▶ [Task requirements]:
Transcribe, word for word, all of the entries below, and exclude any pictures from the copy.

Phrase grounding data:

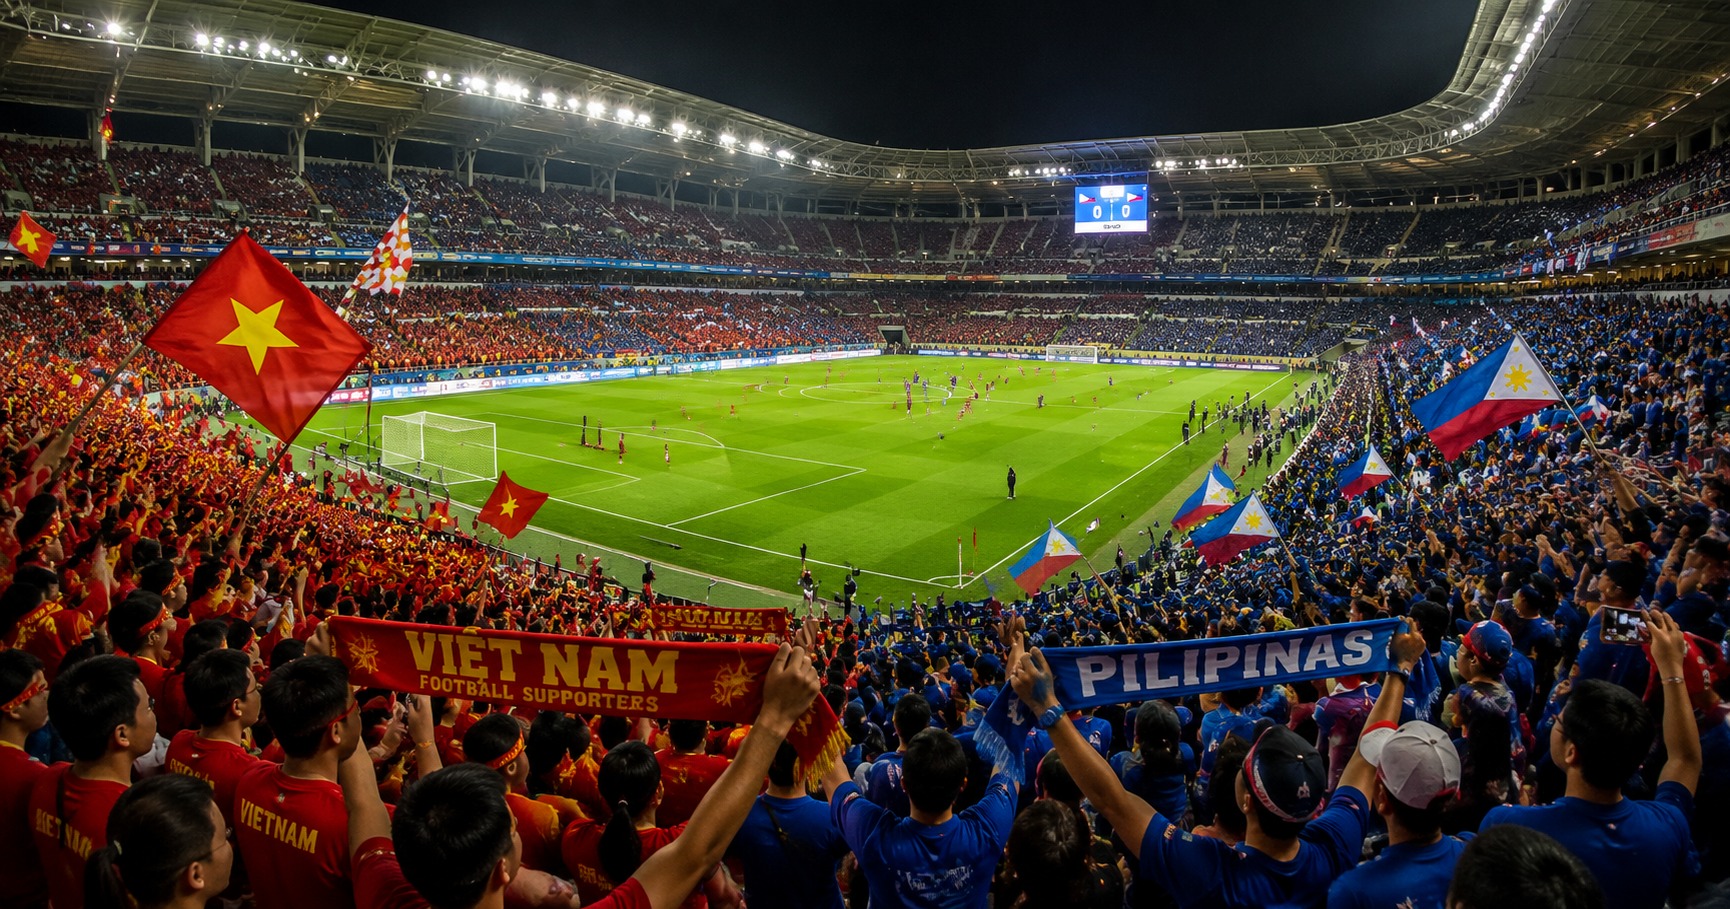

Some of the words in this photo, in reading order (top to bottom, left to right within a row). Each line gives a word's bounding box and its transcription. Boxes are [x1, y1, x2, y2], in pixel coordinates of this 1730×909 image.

[1092, 205, 1102, 219] 0
[1121, 204, 1131, 218] 0
[540, 642, 679, 693] NAM
[1076, 629, 1373, 697] PILIPINAS
[419, 674, 514, 700] FOOTBALL
[522, 686, 659, 712] SUPPORTERS
[240, 797, 319, 854] VIETNAM
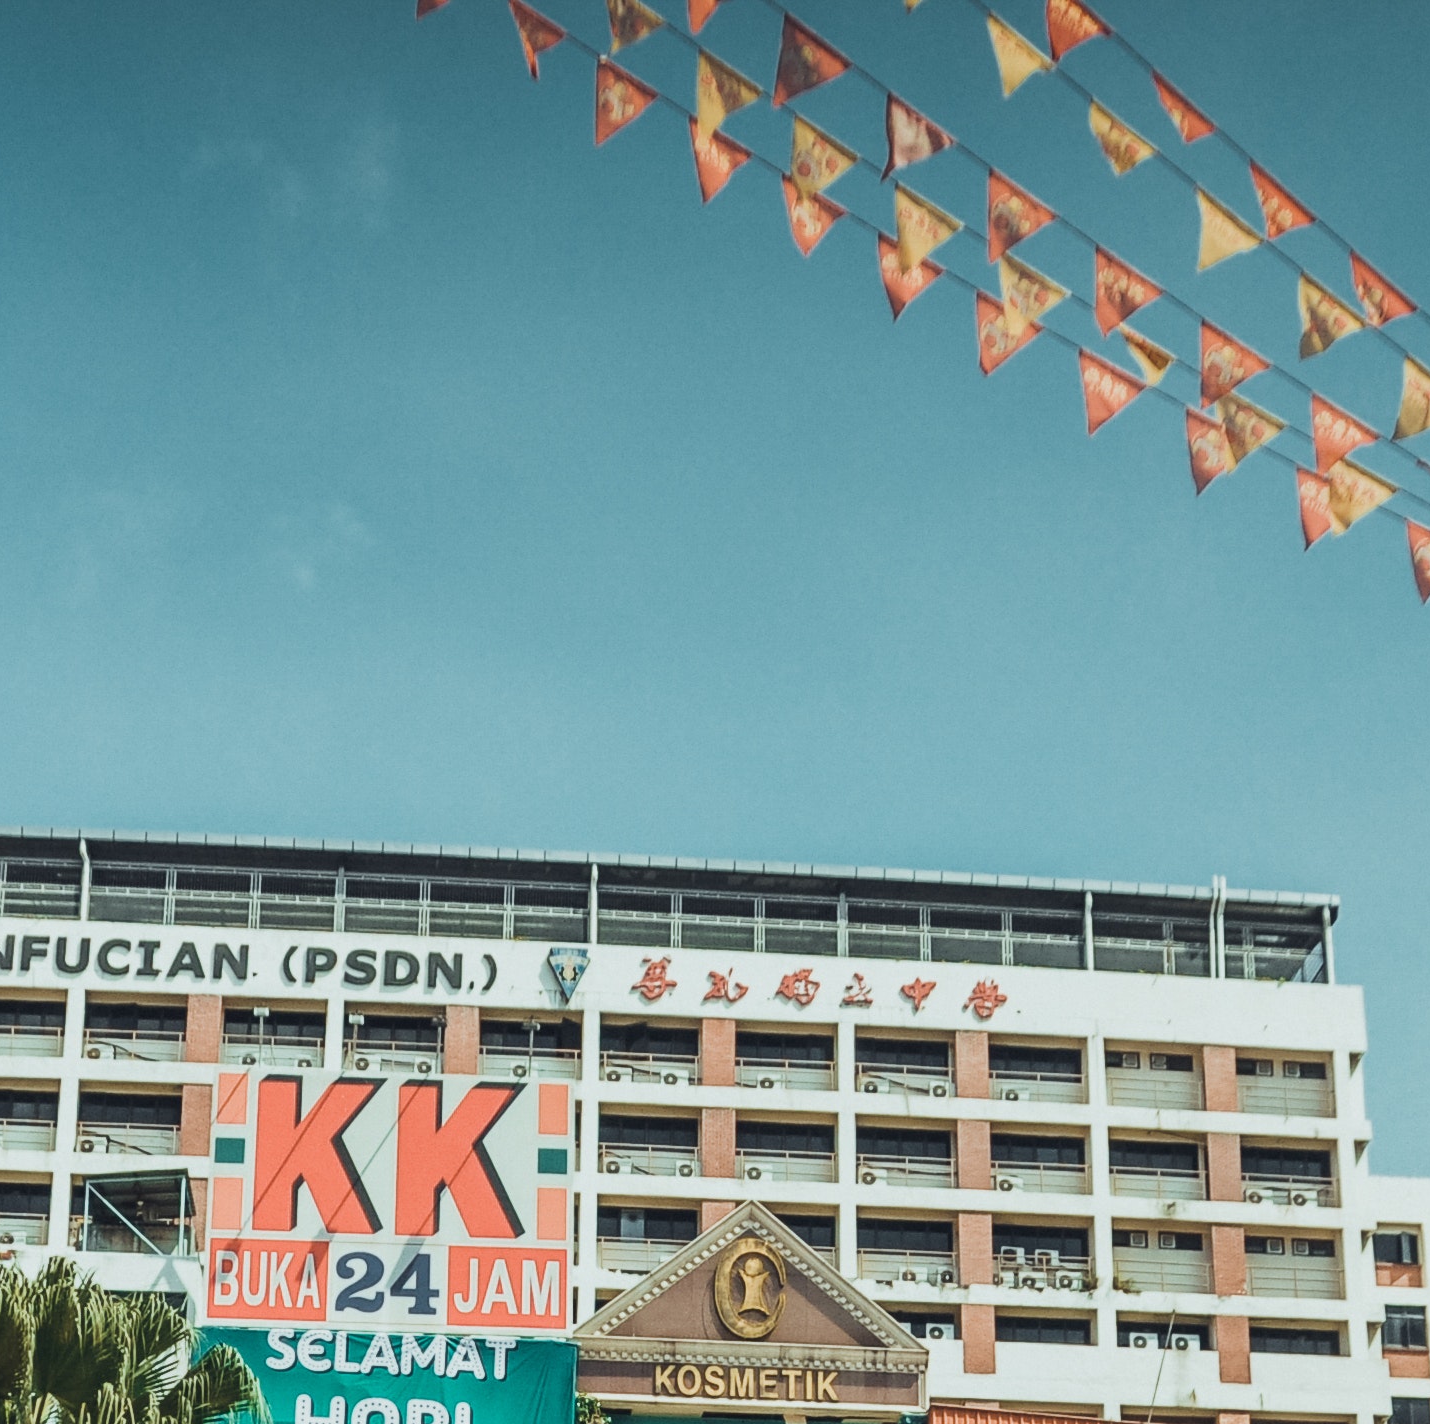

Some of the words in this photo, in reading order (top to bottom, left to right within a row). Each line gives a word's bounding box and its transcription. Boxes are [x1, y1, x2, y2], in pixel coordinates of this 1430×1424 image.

[252, 1075, 527, 1238] KK
[213, 1248, 321, 1310] BUKA
[335, 1251, 439, 1315] 24
[453, 1258, 561, 1317] JAM
[266, 1329, 517, 1380] SELAMAT
[655, 1364, 839, 1402] KOSMETIK
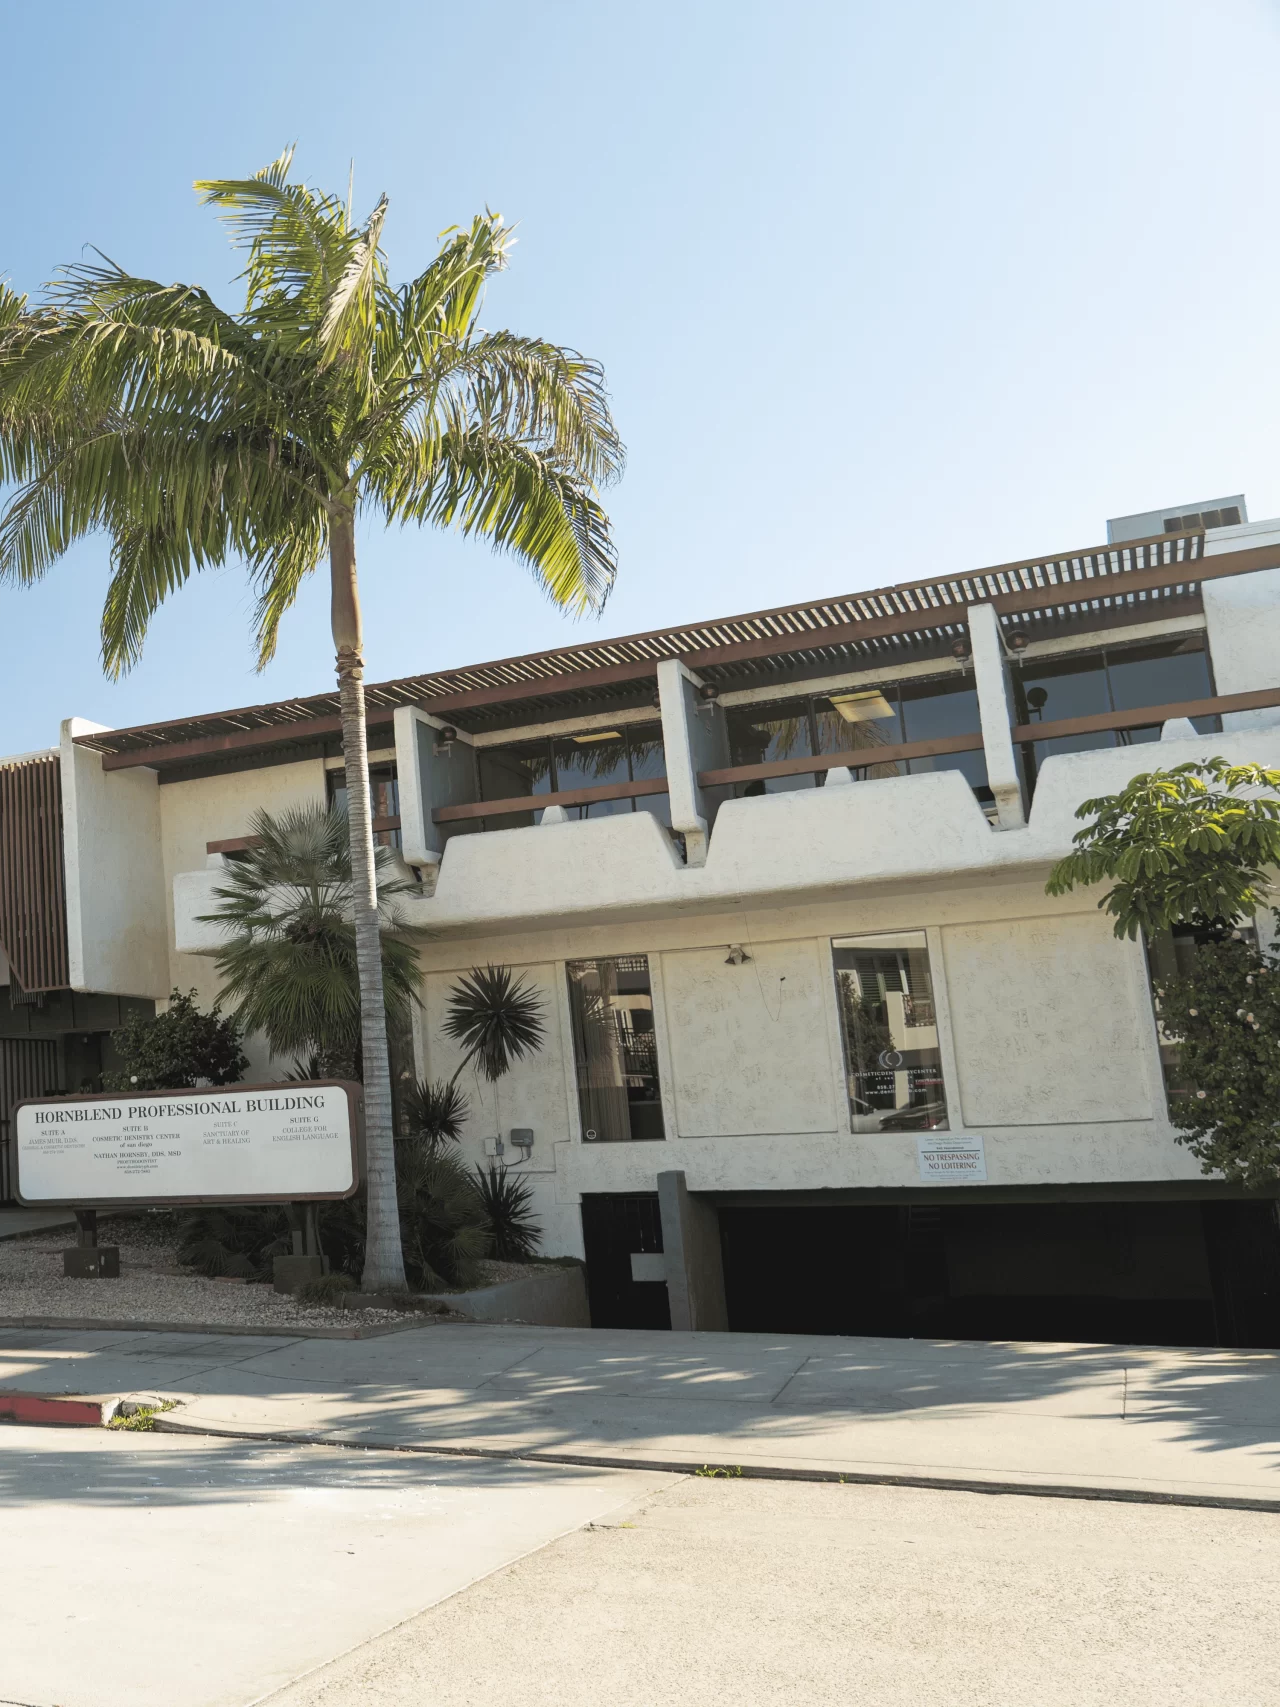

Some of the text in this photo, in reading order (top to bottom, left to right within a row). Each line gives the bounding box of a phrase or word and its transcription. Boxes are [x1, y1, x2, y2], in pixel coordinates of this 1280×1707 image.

[35, 1096, 325, 1124] HORNBLEND PROFESSIONAL BUILDING

▶ [Solution for this task]:
Some of the words in this photo, in reading order (top to bottom, left to right within a row). Each line gives a word's bounding box and its transcription. Boxes are [x1, y1, x2, y2], in pixel coordinates of this 1730×909 image.

[1092, 205, 1102, 219] 0
[1121, 204, 1131, 218] 0
[540, 642, 679, 693] NAM
[1076, 629, 1373, 697] PILIPINAS
[419, 674, 514, 700] FOOTBALL
[522, 686, 659, 712] SUPPORTERS
[240, 797, 319, 854] VIETNAM

Some of the words in this photo, in reading order (top to bottom, left to right within a row). Each line gives a word's bounding box and its transcription. Boxes are [x1, y1, x2, y2], in pixel coordinates of this 1430×1424 image.

[252, 1075, 527, 1238] KK
[213, 1248, 321, 1310] BUKA
[335, 1251, 439, 1315] 24
[453, 1258, 561, 1317] JAM
[266, 1329, 517, 1380] SELAMAT
[655, 1364, 839, 1402] KOSMETIK

Some of the text in this photo, in reading order (top to bottom, left to right within a row). Each line gives the bounding box of a phrase or word and its transcription. Boxes are [x1, y1, x2, y2], in pixel coordinates of this 1280×1707 image.

[35, 1096, 325, 1124] HORNBLEND PROFESSIONAL BUILDING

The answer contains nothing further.